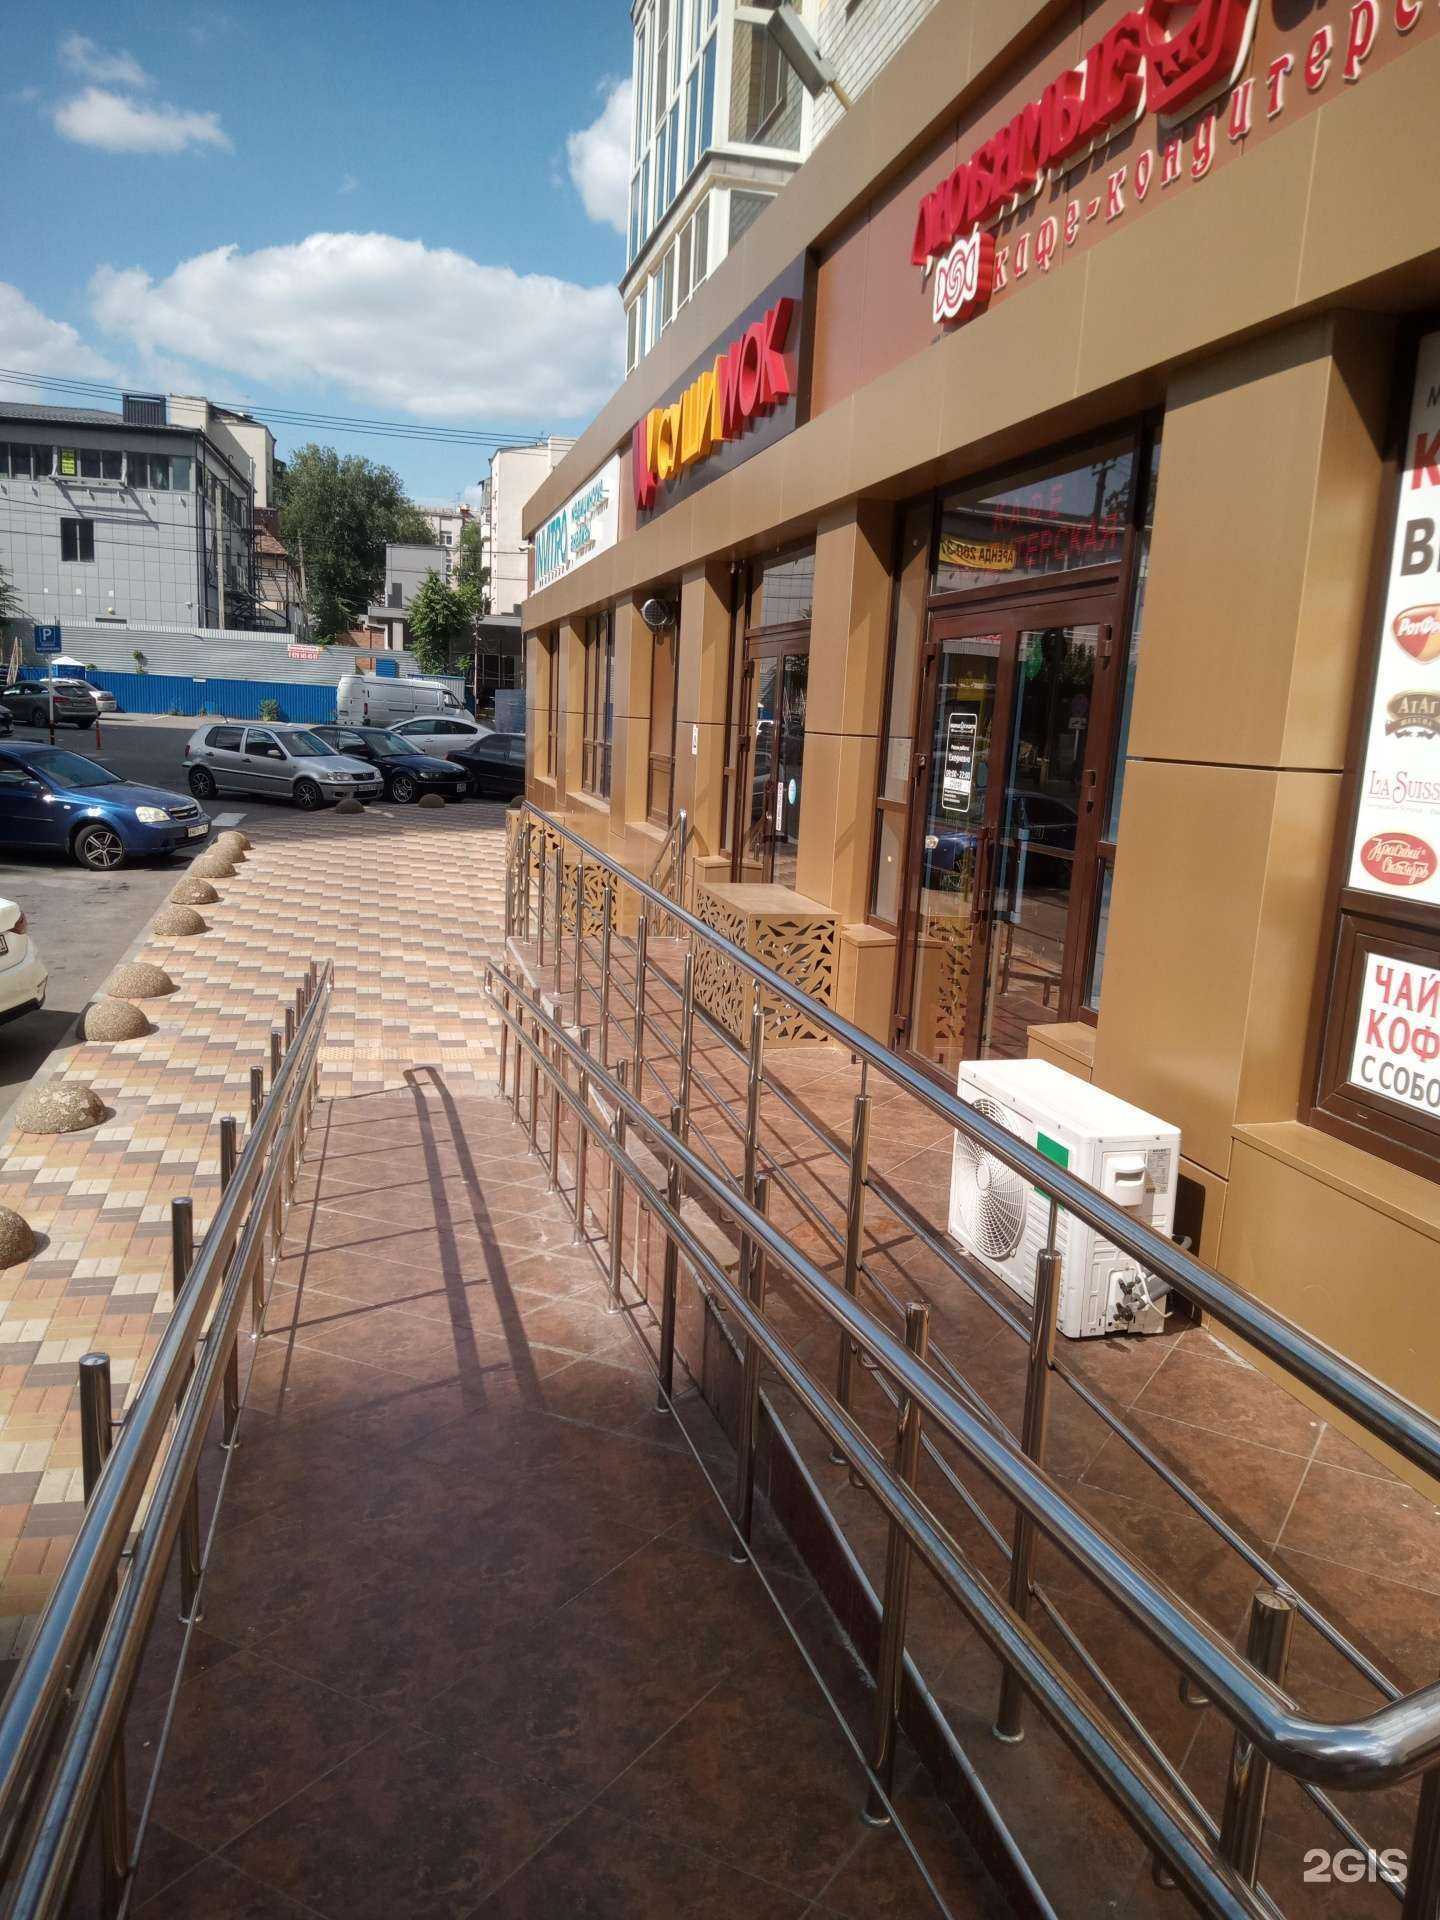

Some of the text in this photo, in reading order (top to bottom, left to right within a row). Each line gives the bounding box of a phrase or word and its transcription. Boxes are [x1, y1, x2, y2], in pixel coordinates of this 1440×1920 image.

[1392, 771, 1440, 803] SUISS
[1375, 965, 1440, 1018] ЧАЙ
[1365, 1009, 1440, 1062] КОФ
[1379, 1061, 1440, 1108] СОБО
========
* What you will do
Rewrite the data above exactly as given, but omit the images.

* Answer box
Some of the text in this photo, in reading order (top to bottom, left to right within a row). Each line gives the bounding box of a phrase or word and its transcription. Boxes are [x1, y1, x2, y2], in pixel coordinates of this 1440×1920 image.

[1392, 771, 1440, 803] SUISS
[1375, 965, 1440, 1018] ЧАЙ
[1365, 1009, 1440, 1062] КОФ
[1379, 1061, 1440, 1108] СОБО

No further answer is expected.